[TASK MATERIAL]
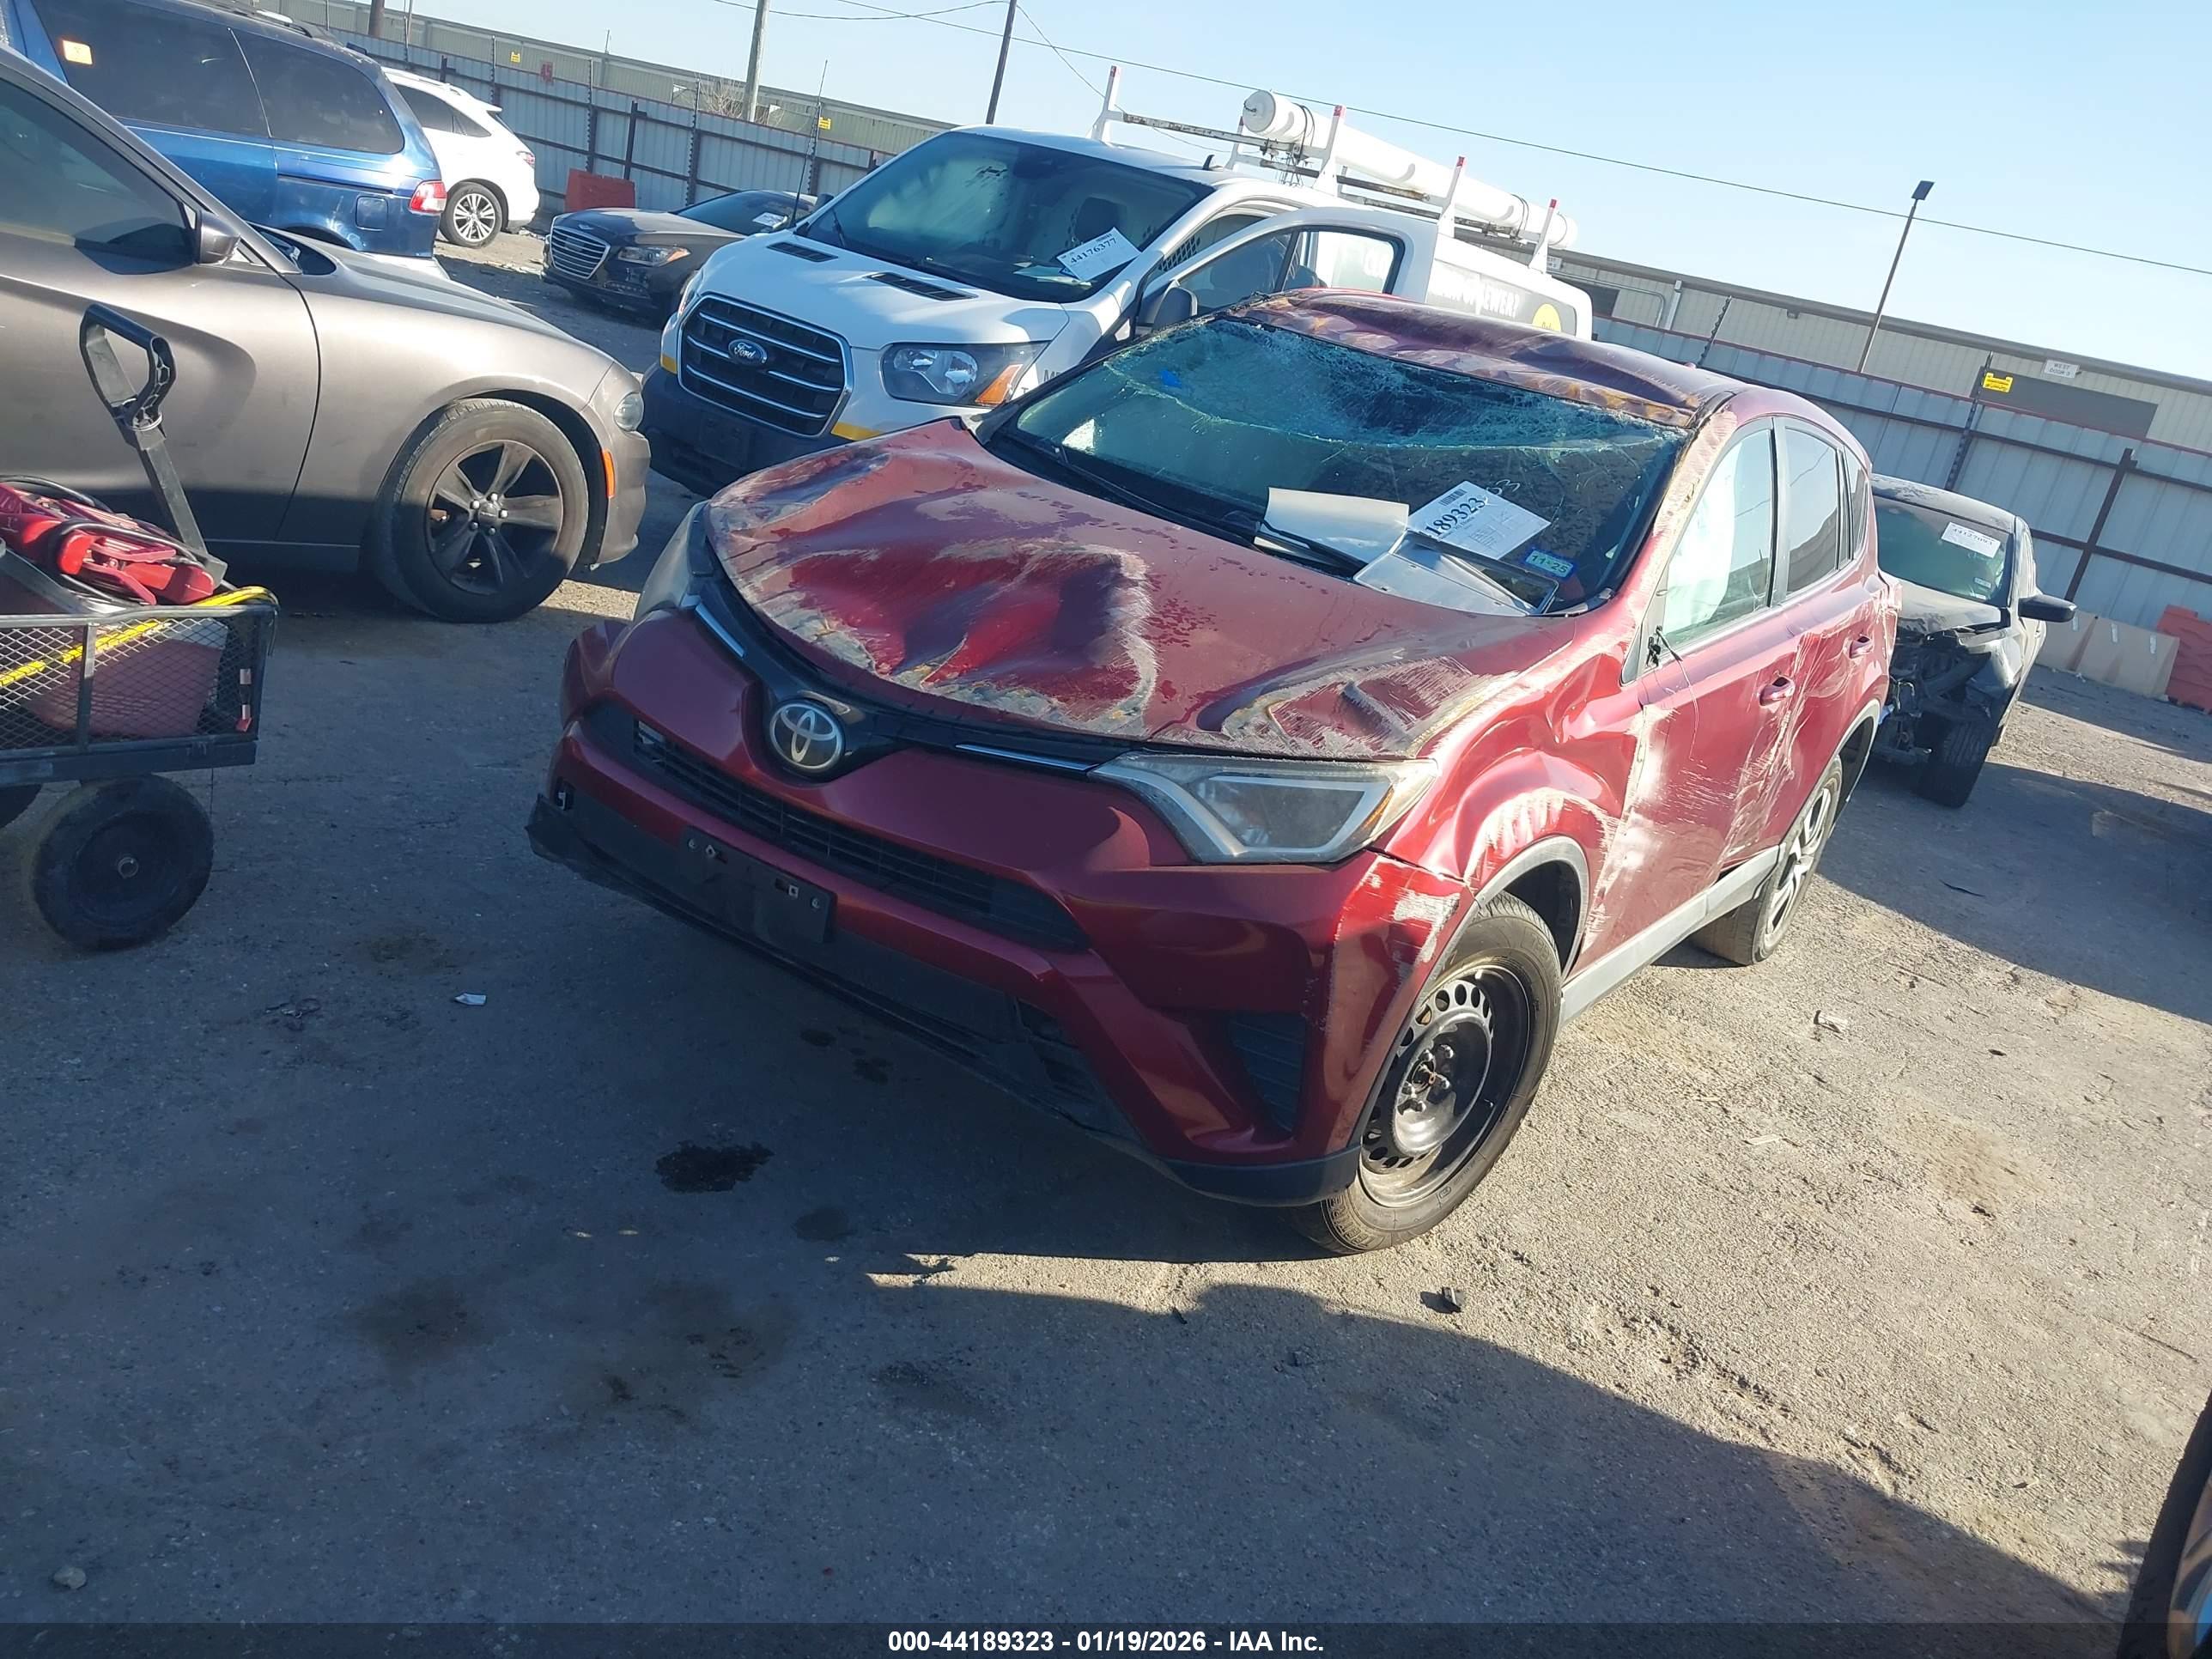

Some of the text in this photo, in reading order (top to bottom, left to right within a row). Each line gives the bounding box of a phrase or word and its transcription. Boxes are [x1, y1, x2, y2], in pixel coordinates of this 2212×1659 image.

[1070, 237, 1117, 264] 44176377
[733, 342, 757, 359] Ford
[1422, 496, 1486, 537] 189323
[1551, 562, 1569, 574] 25
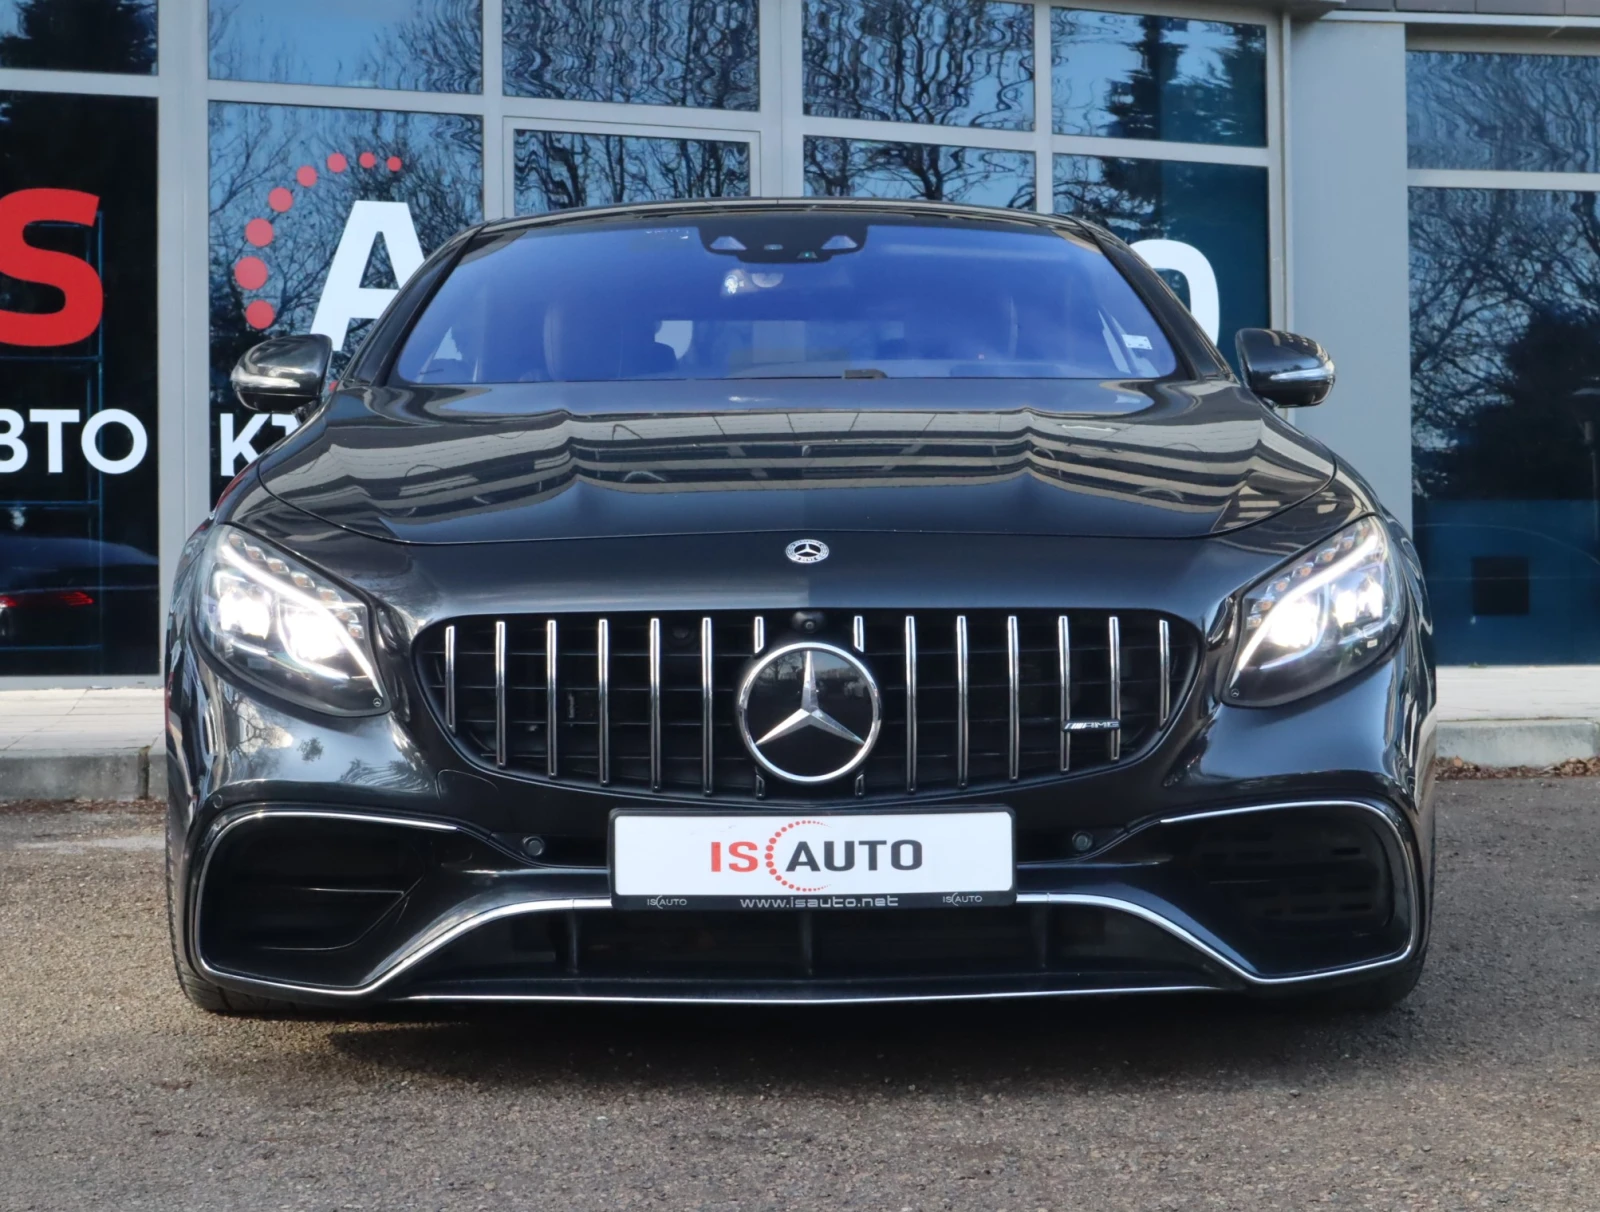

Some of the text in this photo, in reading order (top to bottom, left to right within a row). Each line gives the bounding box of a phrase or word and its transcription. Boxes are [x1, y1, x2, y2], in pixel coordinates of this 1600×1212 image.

[710, 839, 923, 873] IS AUTO
[739, 895, 899, 909] www.isauto.net

[EXERCISE GOAL]
Give the data again exactly as written, with no pictures included.

[TASK SOLUTION]
Some of the text in this photo, in reading order (top to bottom, left to right within a row). Each line gives the bounding box of a phrase or word and its transcription. Boxes are [x1, y1, x2, y2], in pixel coordinates of this 2212×1659 image.

[1070, 237, 1117, 264] 44176377
[733, 342, 757, 359] Ford
[1422, 496, 1486, 537] 189323
[1551, 562, 1569, 574] 25

Some of the text in this photo, in reading order (top to bottom, left to right within a row). Each line gives the bounding box of a phrase or word and its transcription. Boxes are [x1, y1, x2, y2], in pixel coordinates of this 1600×1212 image.

[710, 839, 923, 873] IS AUTO
[739, 895, 899, 909] www.isauto.net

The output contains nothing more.